Rent something like a 400mm f/5.6 or even 400mm f/2.8.

I read great reviews on the Canon T7i EOS DSLR.

It's a great little camera for its price range, and does a lot of things very well. I'm not sure anyone writing a review of the Rebel T7i/800D would give a glowing report on its appropriateness as a safari camera. It's probably adequate enough to give you many shots you'll like when paired with an appropriate lens, but there are a lot of other bodies out there that will allow you to get even better shots in higher numbers.

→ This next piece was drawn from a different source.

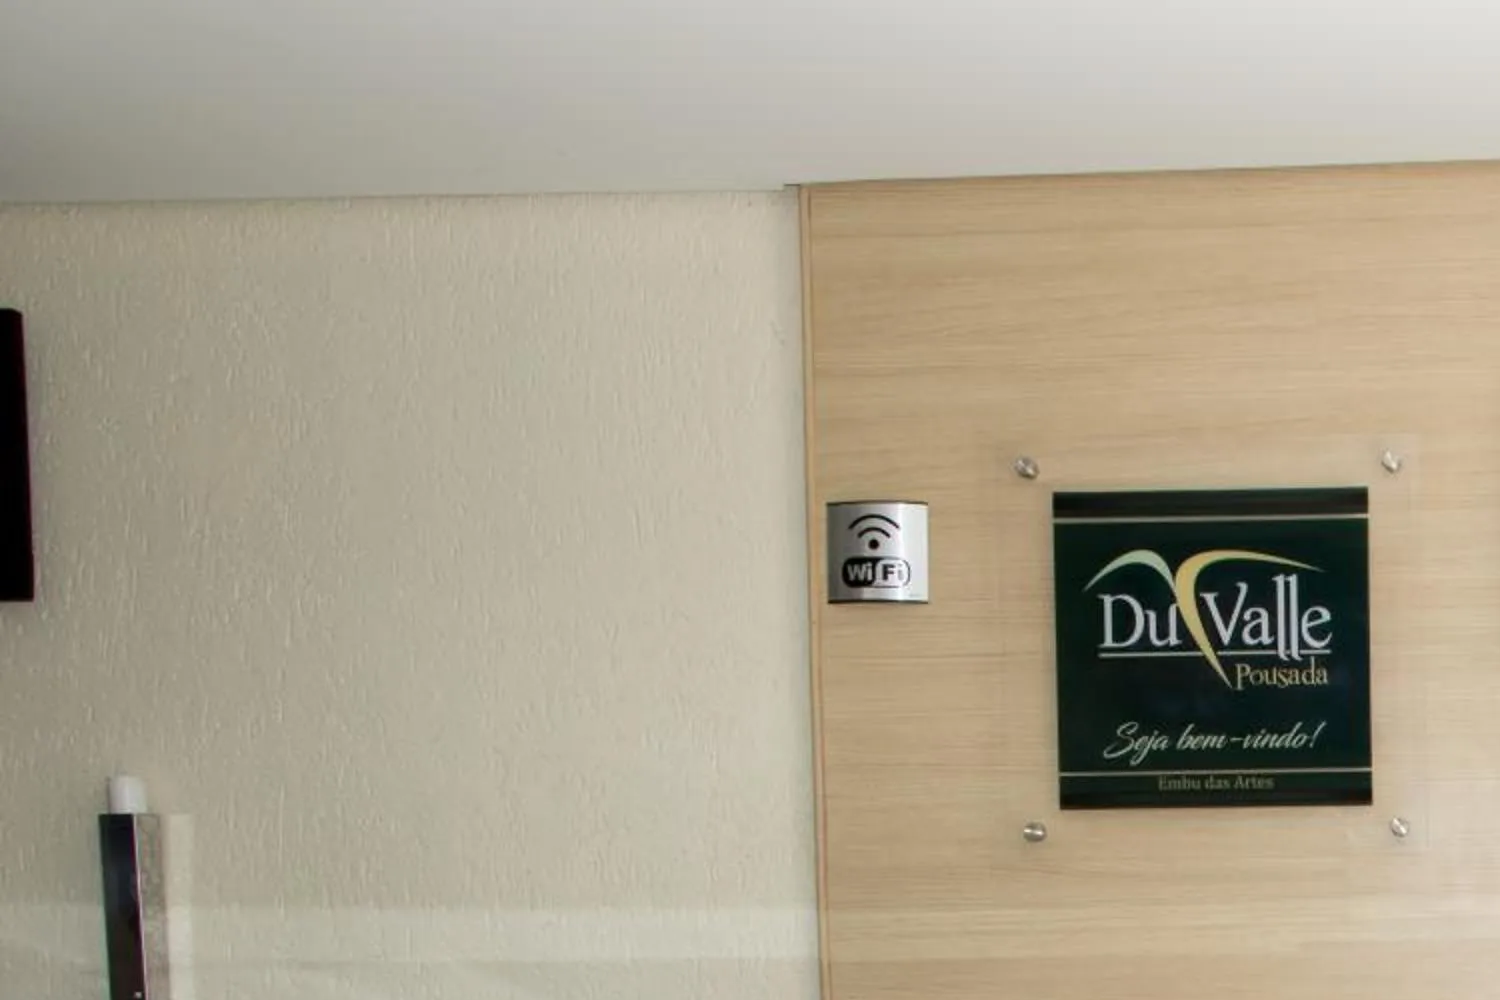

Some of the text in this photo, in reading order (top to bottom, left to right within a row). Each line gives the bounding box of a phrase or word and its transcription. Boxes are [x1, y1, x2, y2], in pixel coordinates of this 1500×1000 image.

[1234, 656, 1329, 691] Pousada
[1103, 721, 1169, 766] Seja
[1158, 774, 1275, 790] Embu das Artes

For value in a safari package right now, it's hard to beat a Nikon D500 and AF-S FX Nikkor 200-500mm f/5.6E ED VR. The f/5.6 maximum aperture is a bit limiting, but the D500 handles high ISO/low light a bit better than Canon's current APS-C offerings do.¹

If you are considering renting, the more expensive AF-S NIKKOR 200-400mm f/4G ED VR II gives you an extra stop at all focal lengths, gives up 500mm vs. 400mm of focal length, while having better overall image quality.

¹ Just for the record, I'm a Canon shooter and have been since the 1990s. But right now the Nikon D500 is a superior camera to the Canon EOS 7D Mark II, which is the Canon APS-C high performance counterpart.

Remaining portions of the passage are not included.